A little baby has died, never an outcome wished by anybody. I cannot imagine how the family are feeling and truly pray that wee Jack rests in peace. On the other side, there is a mother who has been robbed of her entire existence with a criminal record and is now a blacklisted doctor. How is she? What is her life now? What future do her kids have? I cannot even try to imagine the darkness over this family. A death of many sorts, something that has left us - as a nation - numb. 

This could have been me. It could have been my friend. It could have been any doctor anywhere in the world who goes out to work everyday with the sole intention to do no harm. Never does it cross our minds that anything less than perfect is acceptable. We are intuitively this type of person. This then gets engrained through military medical training and further through our daily practise. We do not want to harm. 

Left hung out to dry by a blame culture profession and an unforgiving society, this is the fate of medics today

We wake up in panic, we obsess over detail. We cry into our pillows and pray only to deliver our best.
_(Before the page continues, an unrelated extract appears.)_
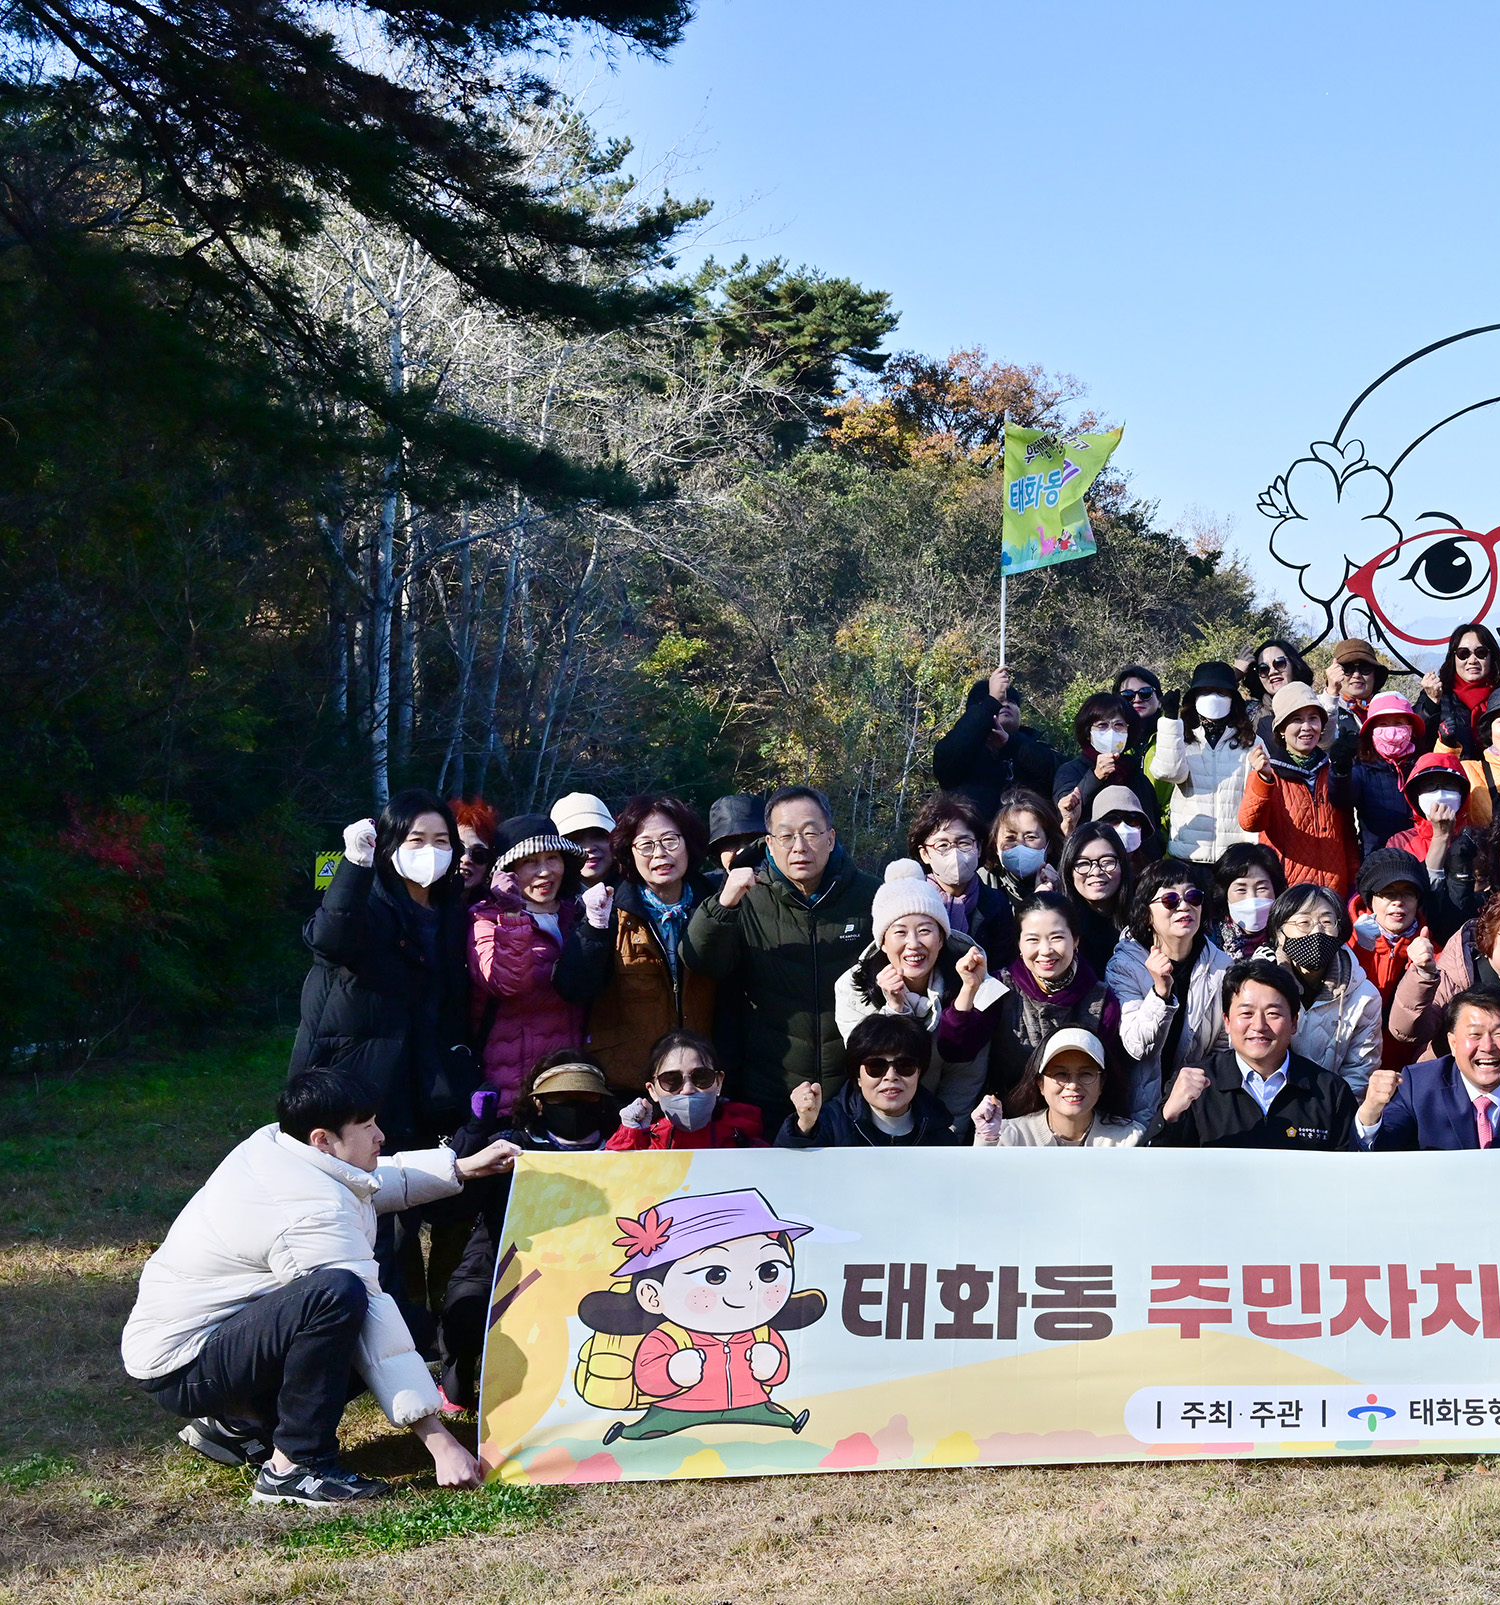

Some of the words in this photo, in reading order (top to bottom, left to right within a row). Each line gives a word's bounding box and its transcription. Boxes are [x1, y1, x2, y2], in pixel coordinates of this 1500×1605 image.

[1009, 469, 1062, 513] 태화동
[842, 1263, 1116, 1340] 태화동
[295, 1475, 324, 1495] N
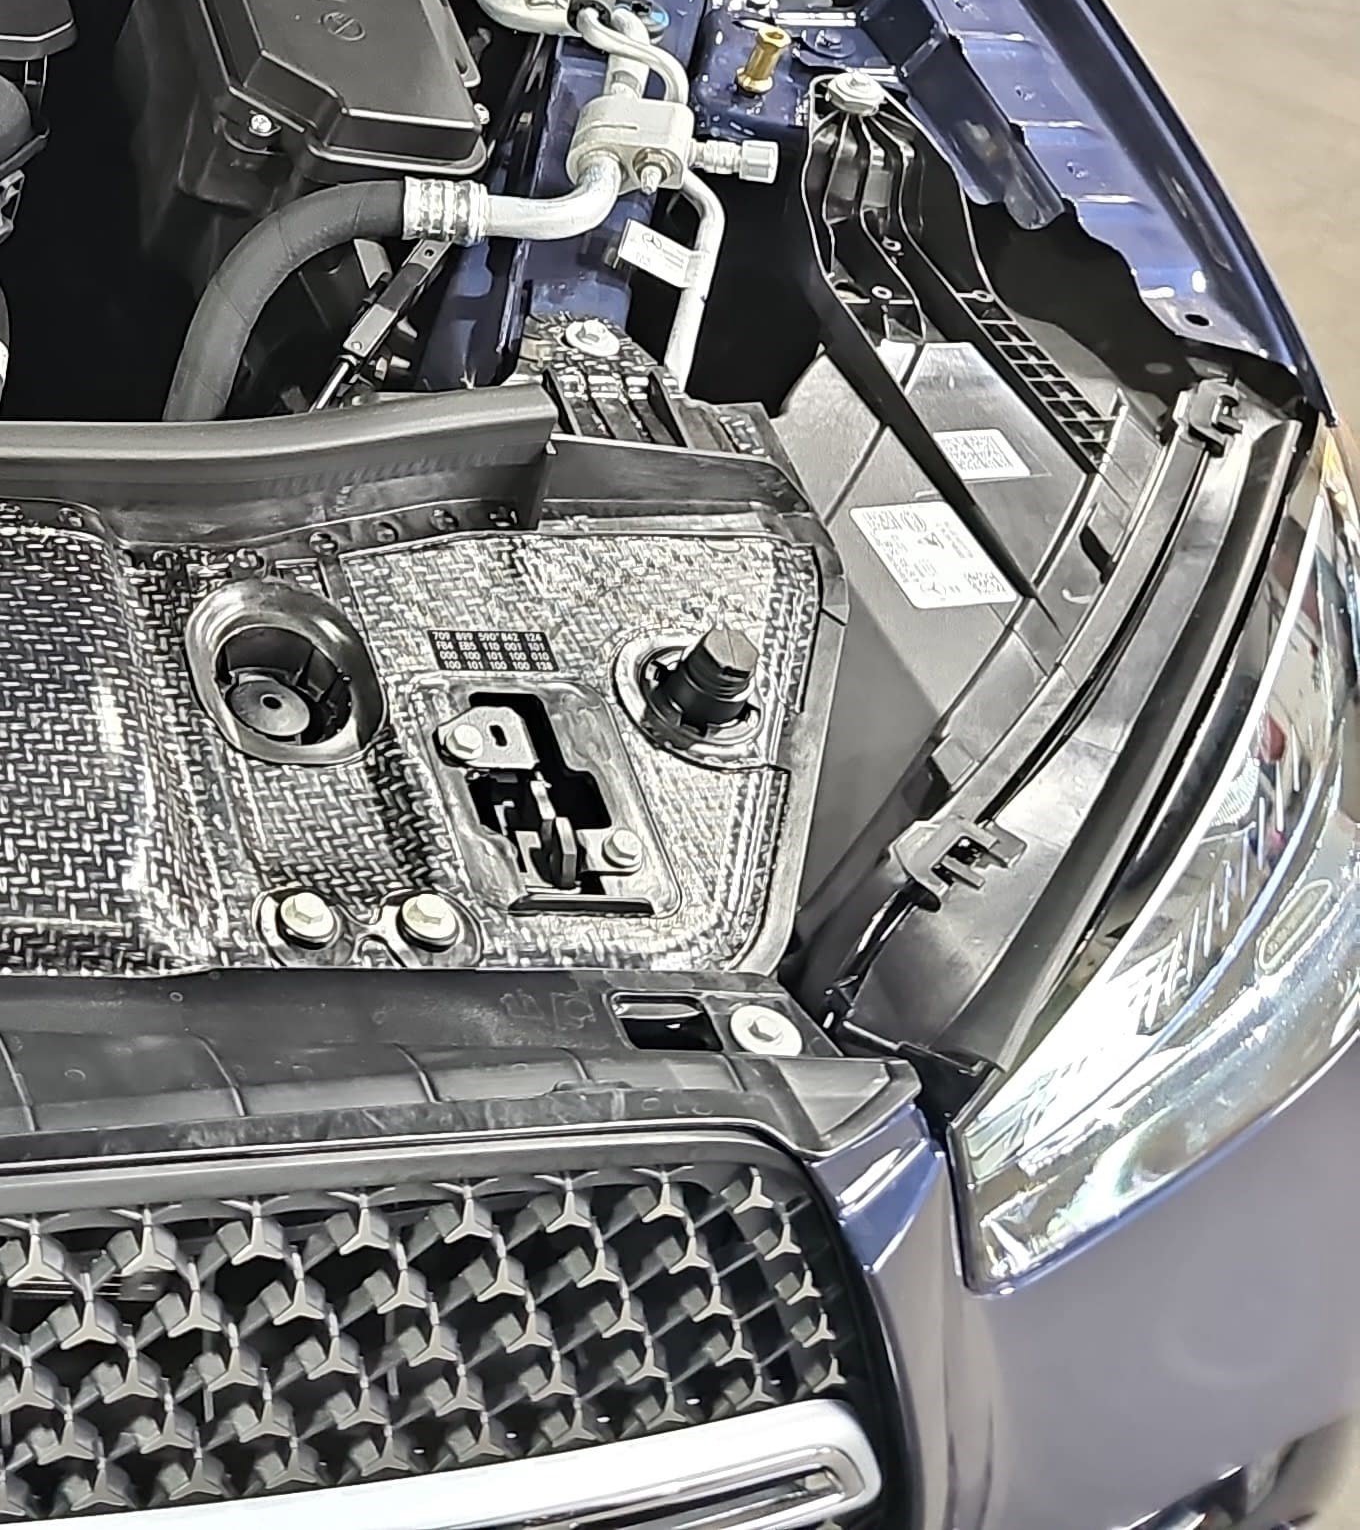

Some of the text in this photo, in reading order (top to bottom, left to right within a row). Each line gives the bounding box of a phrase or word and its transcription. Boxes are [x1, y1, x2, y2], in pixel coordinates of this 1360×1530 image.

Many of us end up on medication to manage our work related anxieties because we are terrified of this very outcome that we have watched take place in modern day Britain today.
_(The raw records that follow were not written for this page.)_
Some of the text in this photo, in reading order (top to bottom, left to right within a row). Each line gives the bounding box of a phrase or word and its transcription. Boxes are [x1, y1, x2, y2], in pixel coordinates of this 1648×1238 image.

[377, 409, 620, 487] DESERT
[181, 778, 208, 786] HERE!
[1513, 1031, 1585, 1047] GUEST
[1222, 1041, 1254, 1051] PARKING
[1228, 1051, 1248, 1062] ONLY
To go beyond the duty of care is a concept we understand, for we do it on repeat every single day. We leave our own babies, our own elderly, unwell or vulnerable relatives, our own domestic turmoils at home to come out and take care of all of yours. Is this even a consideration for mankind these days? 

I understand, from speaking to several paediatric colleagues, that Dr Bawa-Garba was arrested two weeks post-partum, torn away from her exclusively breastfed baby on a charge of manslaughter. Questioned for over seven hours, putting her own baby at risk of dehydration, this has been allowed in our country today. Is this what our society now accepts as right? Prior to this the same people would have praised her for being an exceptional and outstanding doctor. Left hung out to dry by a blame culture profession and an unforgiving society, this is the fate of medics today. 

We are doctors. We are not God. We are not superheroes and do not have special powers to transform life. We can also make mistakes but the difference between our job and every other person’s job out there, is that our mistakes can directly harm life. 

That is why when we say, ‘we are tired working these horrifically long hours back to back’, the government needs to listen to us. When we say we are hungry, having not had a bite to eat in 12 hours, management needs to factor in time for our breaks so we can feed ourselves. When we are stressed, the NHS must recognise the need for support to be given to us. If we cannot have these basic rights, how can we be expected to perform at 110%? How can we never misjudge or make an inadvertent error? We are struggling as a profession and yet today we witness brutality to someone who was trying her best to medically manage many sick patients without any senior support. 

Even at a supermarket checkout, one customer gets managed at a time. Everyone is happy to wait their turn. People still go off sick with stress. We manage a hundred patients a day, sometimes at the same time. We have hundreds of results thrown at us all to be actioned there and then. We have bleeps going off every few minutes, charts being presented, relatives questioning, managers moaning and not to mention the ticking clock constantly echoing in our ears. We are one person. Help us. 

We don’t moan for money, we moan for our sanity because long after our patients leave us, we still go over their story in our heads and reflect on anything else we could’ve done to be that extra bit more perfect. 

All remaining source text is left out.